Task details:
All the records that follow need to be reproduced exactly. Omit the images.
BEGIN
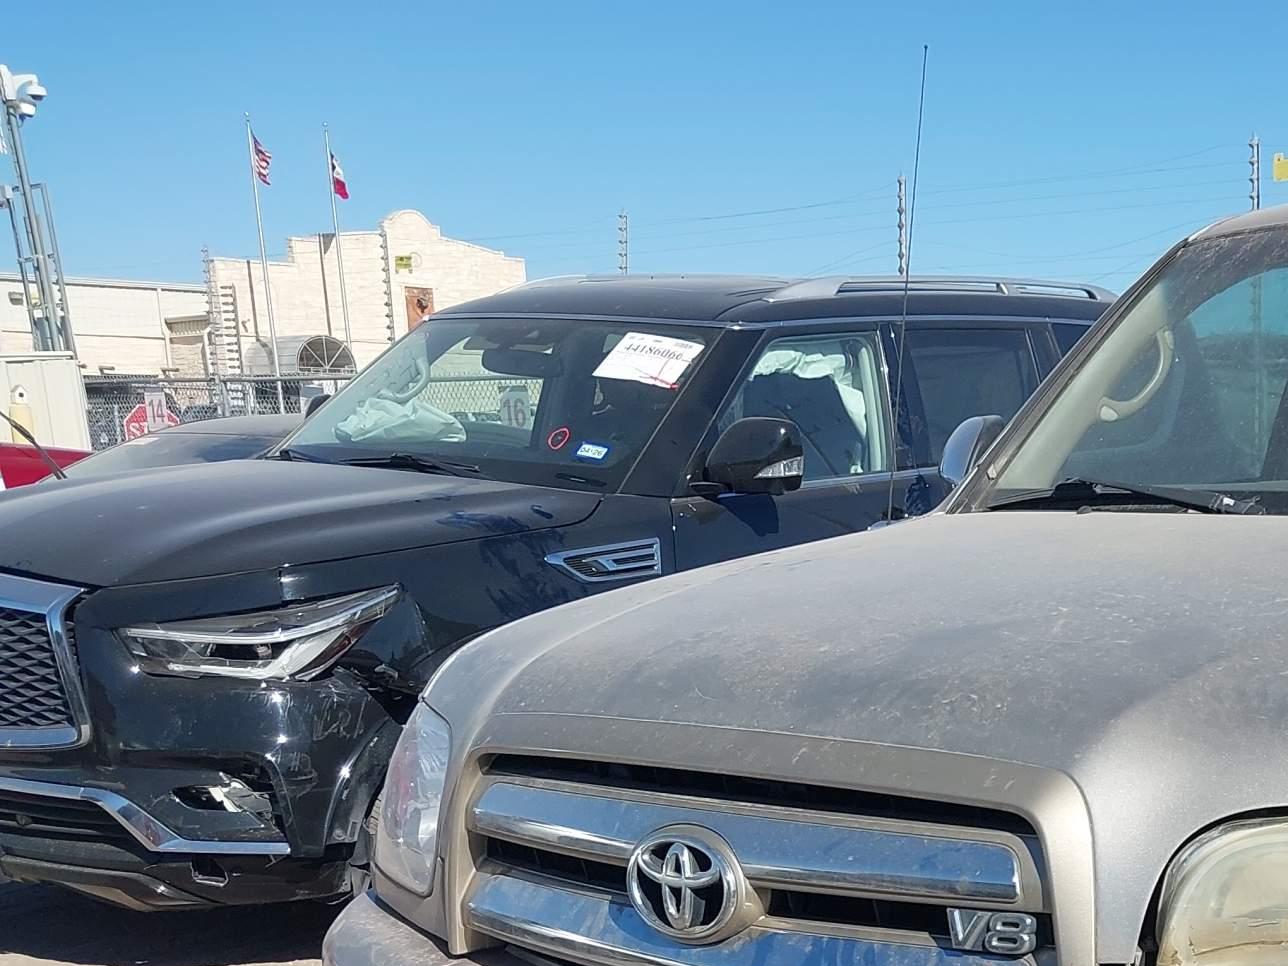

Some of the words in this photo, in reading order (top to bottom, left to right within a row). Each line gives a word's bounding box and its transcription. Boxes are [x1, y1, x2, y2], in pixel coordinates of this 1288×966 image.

[148, 398, 166, 424] 14
[502, 398, 527, 428] 16
[946, 907, 1038, 955] V8
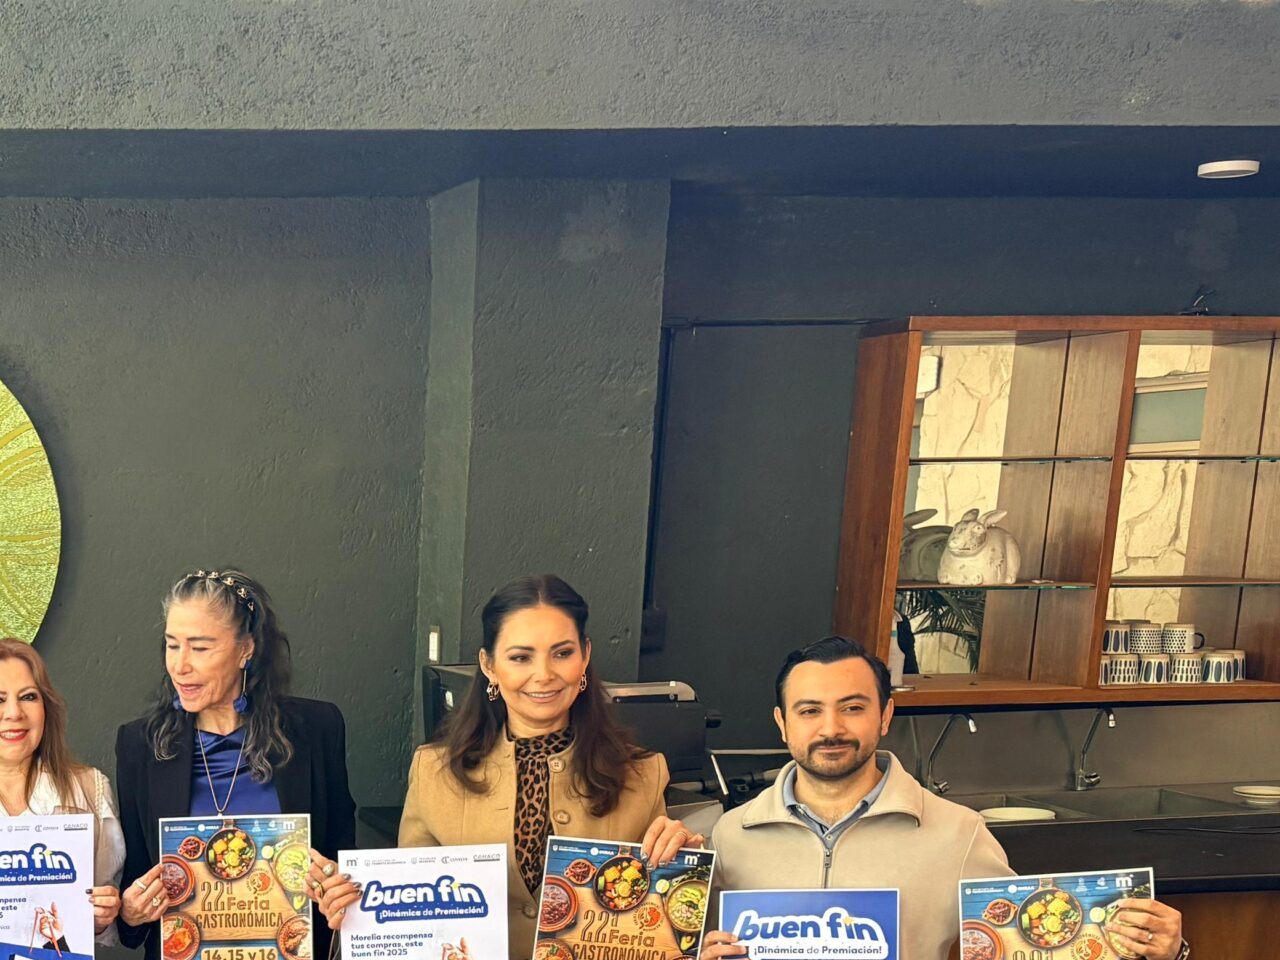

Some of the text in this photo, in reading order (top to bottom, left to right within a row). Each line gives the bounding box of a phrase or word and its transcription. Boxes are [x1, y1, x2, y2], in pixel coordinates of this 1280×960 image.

[31, 846, 70, 869] fin
[28, 872, 73, 881] Premiación!
[364, 879, 481, 907] buen fin
[227, 897, 269, 910] Feria
[379, 905, 484, 919] ¡Dinámica de Premiación!
[196, 911, 283, 929] GASTRONÓMICA
[738, 913, 879, 941] buen fin
[351, 933, 381, 941] Morelia
[608, 930, 654, 948] Feria
[366, 942, 404, 950] compras,
[386, 948, 408, 956] 2025
[754, 945, 882, 955] ¡Dinámica de Premiación!
[259, 949, 276, 960] 16
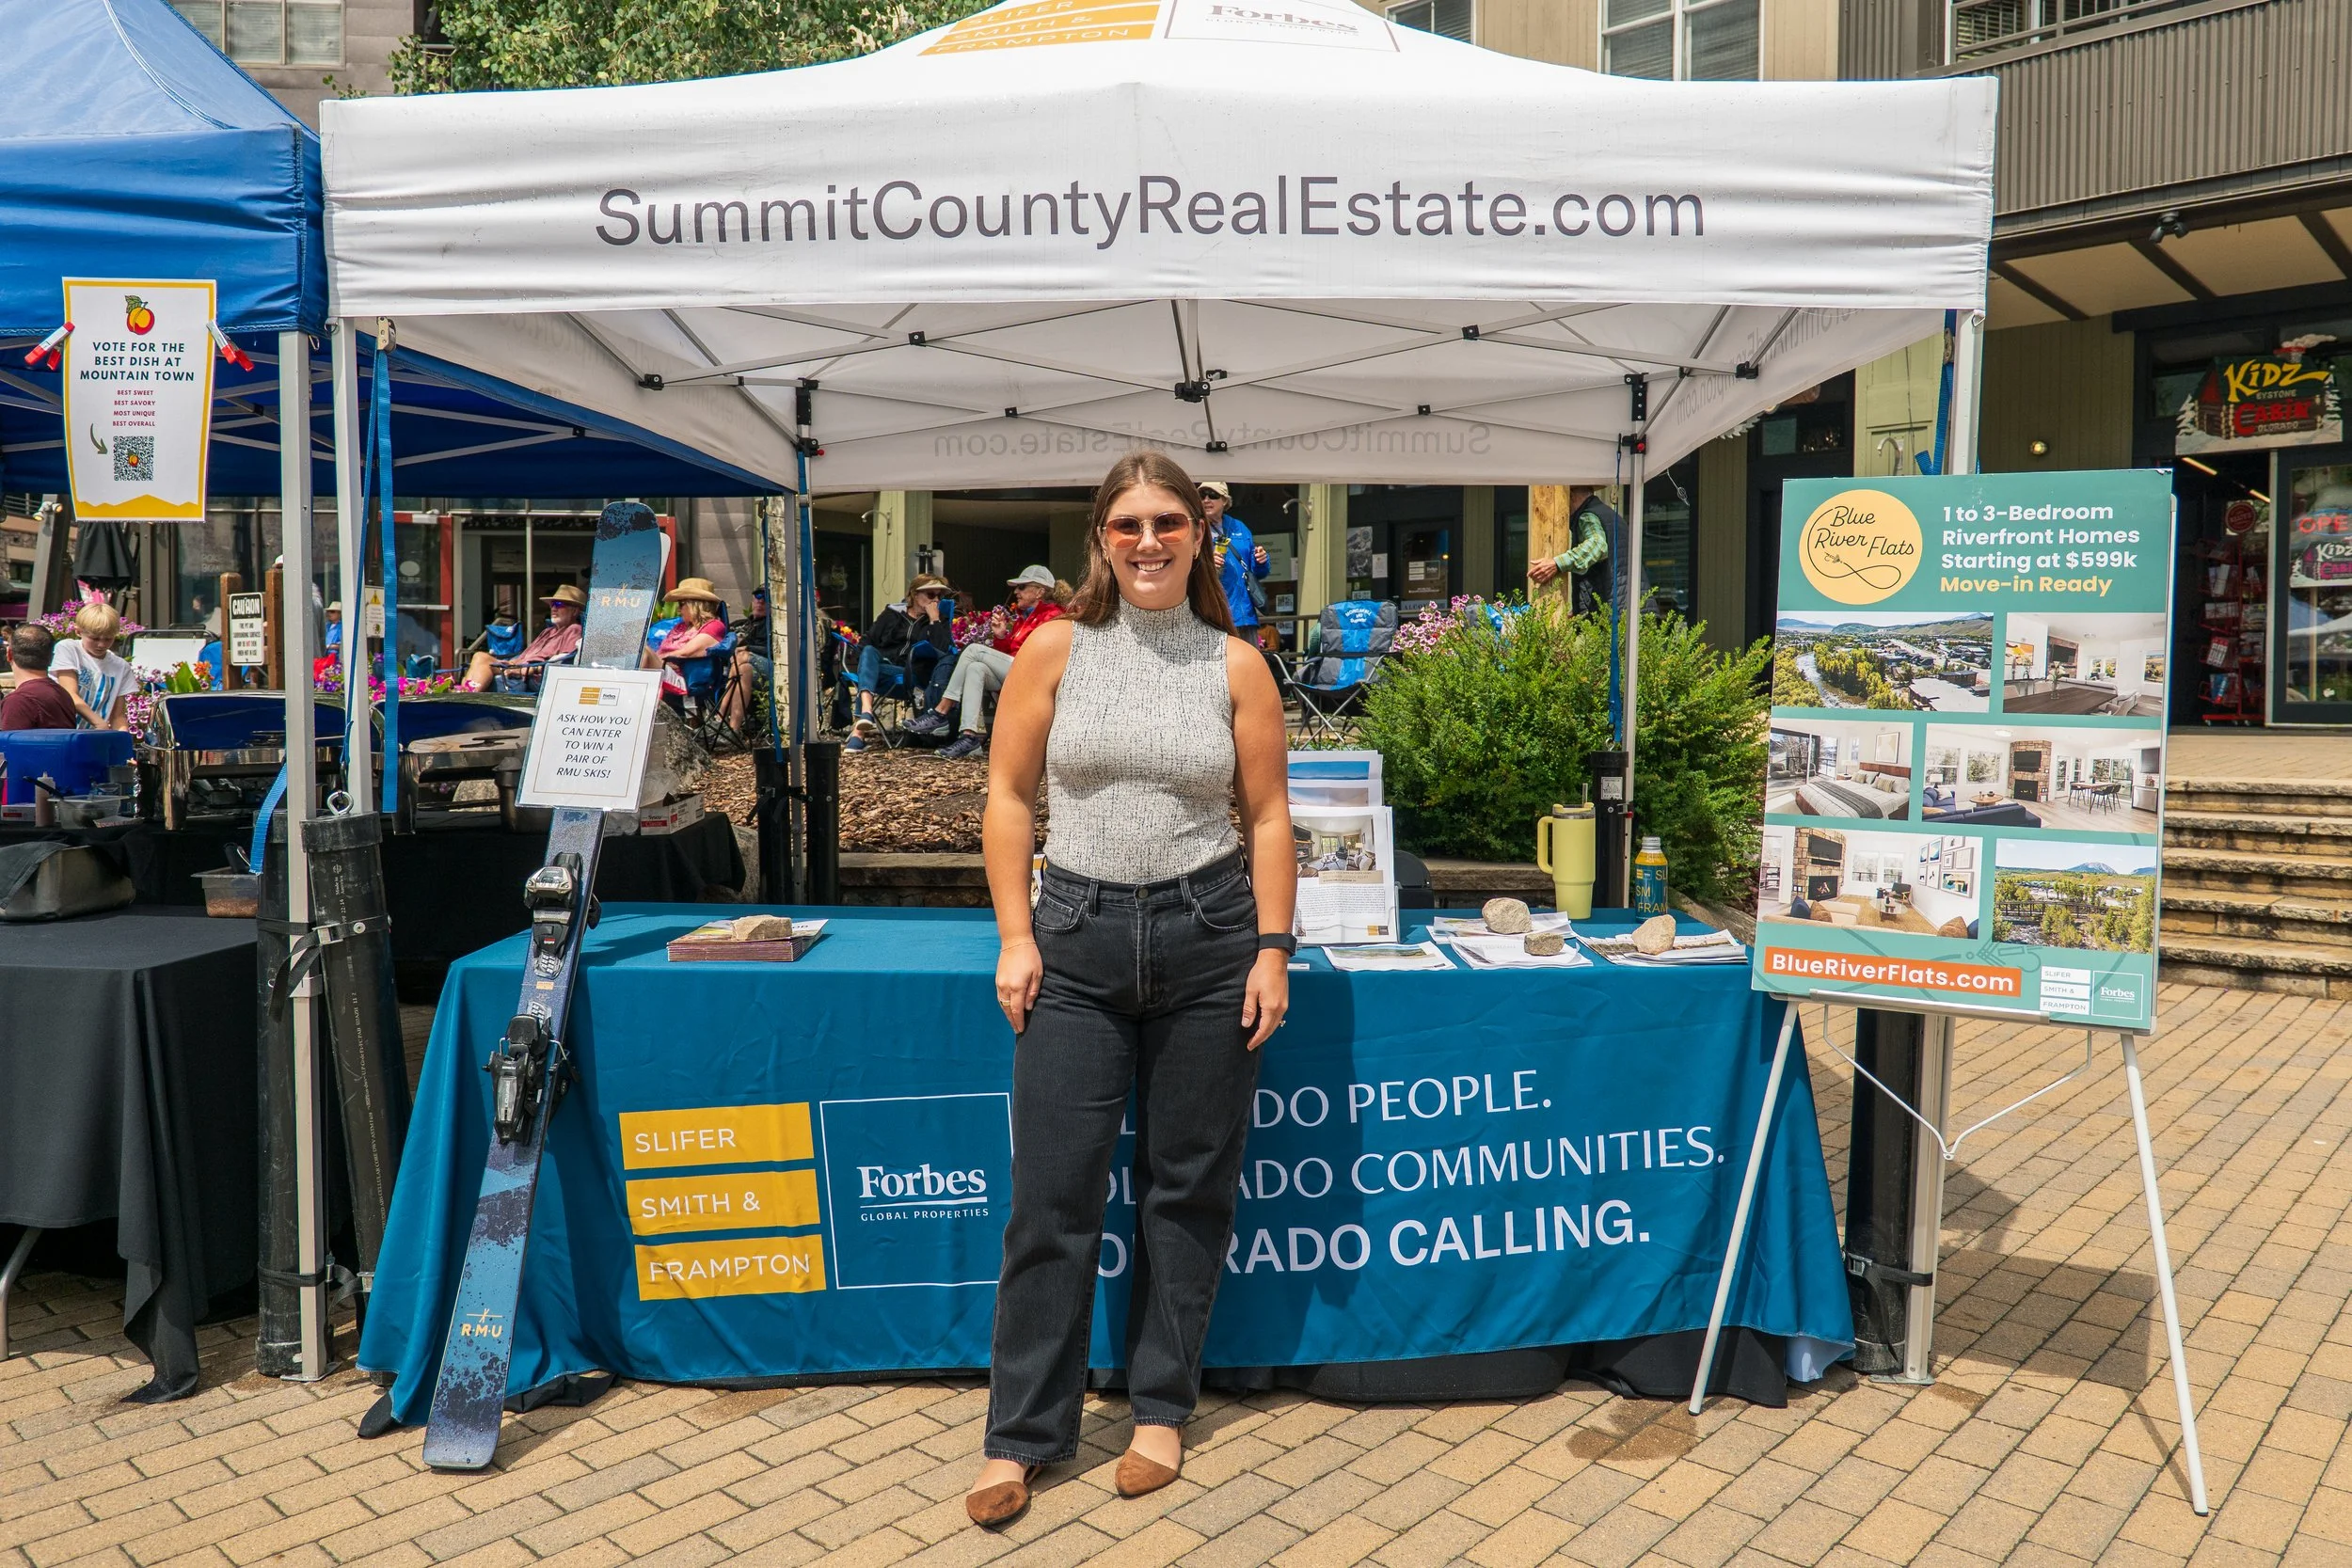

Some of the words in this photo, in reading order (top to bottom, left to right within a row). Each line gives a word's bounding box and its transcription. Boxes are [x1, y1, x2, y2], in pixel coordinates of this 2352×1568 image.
END
Response below:
Some of the words in this photo, in reading order (top to bottom, left to right within a row). Each line gives a word's bounding box and its transcription. Boxes are [x1, y1, x2, y2], in pixel coordinates of this 1288×966 image.

[148, 398, 166, 424] 14
[502, 398, 527, 428] 16
[946, 907, 1038, 955] V8

Some of the text in this photo, in reading order (top to bottom, left to right within a row). Each line gives the bounding box of a phrase or word and its transcription. Boxes are [x1, y1, x2, y2], in pixel coordinates of this 1280×960 image.

[31, 846, 70, 869] fin
[28, 872, 73, 881] Premiación!
[364, 879, 481, 907] buen fin
[227, 897, 269, 910] Feria
[379, 905, 484, 919] ¡Dinámica de Premiación!
[196, 911, 283, 929] GASTRONÓMICA
[738, 913, 879, 941] buen fin
[351, 933, 381, 941] Morelia
[608, 930, 654, 948] Feria
[366, 942, 404, 950] compras,
[386, 948, 408, 956] 2025
[754, 945, 882, 955] ¡Dinámica de Premiación!
[259, 949, 276, 960] 16

Some of the words in this photo, in reading order (top to bottom, left to right within a row). Each line gives a word's bounding box and its transcription. Boxes are [x1, y1, x2, y2], in pixel coordinates of this 2352×1568 image.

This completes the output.